▸ **The problem**: Reproduce the entries below exactly, but leave the pictures out.

▸ **Records supplied**:
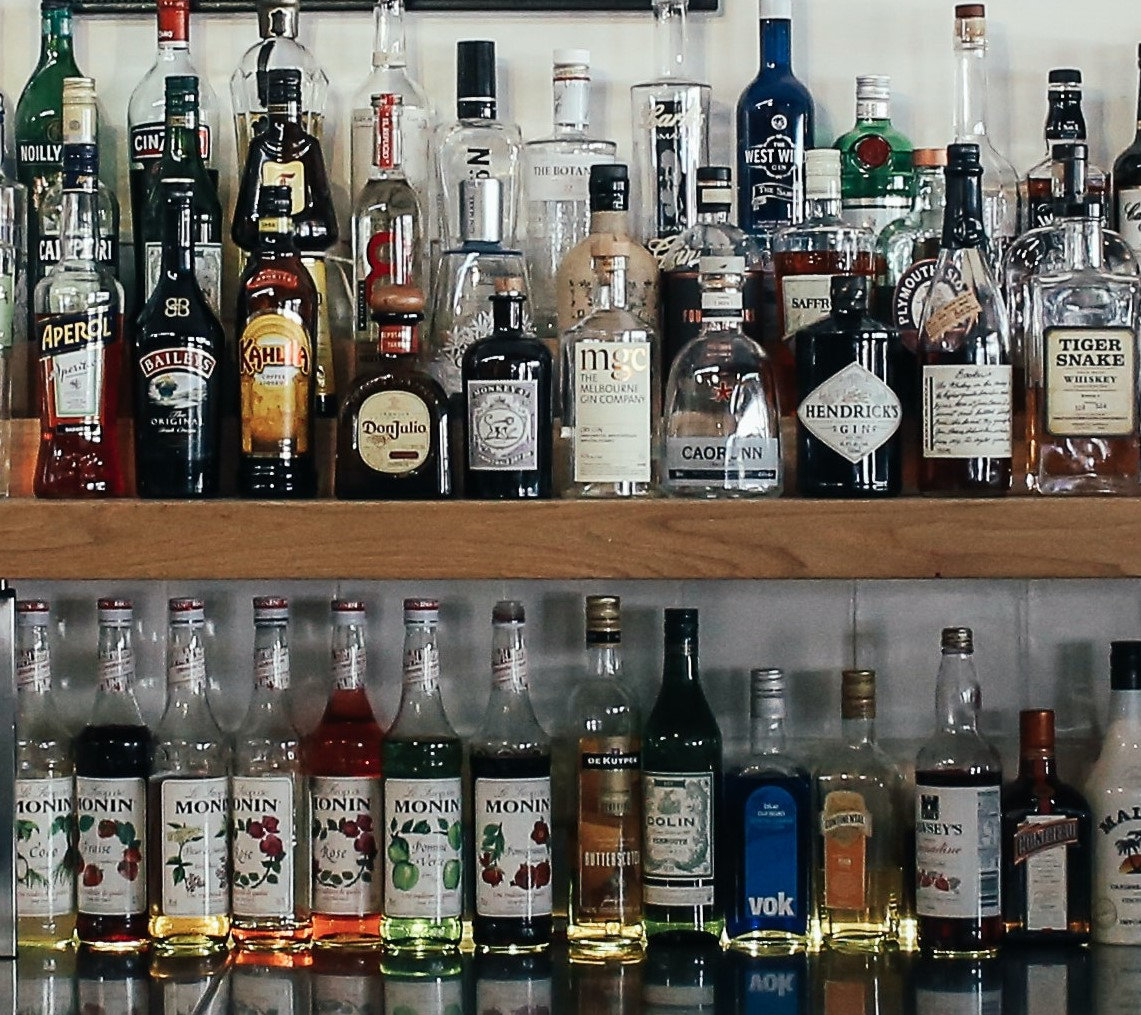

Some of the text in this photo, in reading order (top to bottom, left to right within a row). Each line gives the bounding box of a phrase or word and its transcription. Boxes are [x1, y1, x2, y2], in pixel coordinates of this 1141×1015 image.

[20, 144, 62, 162] NOILLY
[745, 149, 774, 163] WEST
[792, 297, 832, 310] SAFFR
[42, 316, 112, 351] APEROL
[1059, 338, 1122, 351] TIGER
[1056, 354, 1125, 367] SNAKE
[1064, 375, 1117, 384] WHISKEY
[805, 404, 899, 419] HENDRICK'S
[840, 425, 870, 434] GIN
[395, 800, 459, 814] MONIN
[485, 799, 550, 814] MONIN
[749, 891, 795, 917] vok

▸ **Task output**:
Some of the text in this photo, in reading order (top to bottom, left to right within a row). Each line gives the bounding box of a phrase or word and its transcription. Boxes are [x1, y1, x2, y2], in pixel coordinates of this 1141×1015 image.

[20, 144, 62, 162] NOILLY
[745, 149, 774, 163] WEST
[792, 297, 832, 310] SAFFR
[42, 316, 112, 351] APEROL
[1059, 338, 1122, 351] TIGER
[1056, 354, 1125, 367] SNAKE
[1064, 375, 1117, 384] WHISKEY
[805, 404, 899, 419] HENDRICK'S
[840, 425, 870, 434] GIN
[395, 800, 459, 814] MONIN
[485, 799, 550, 814] MONIN
[749, 891, 795, 917] vok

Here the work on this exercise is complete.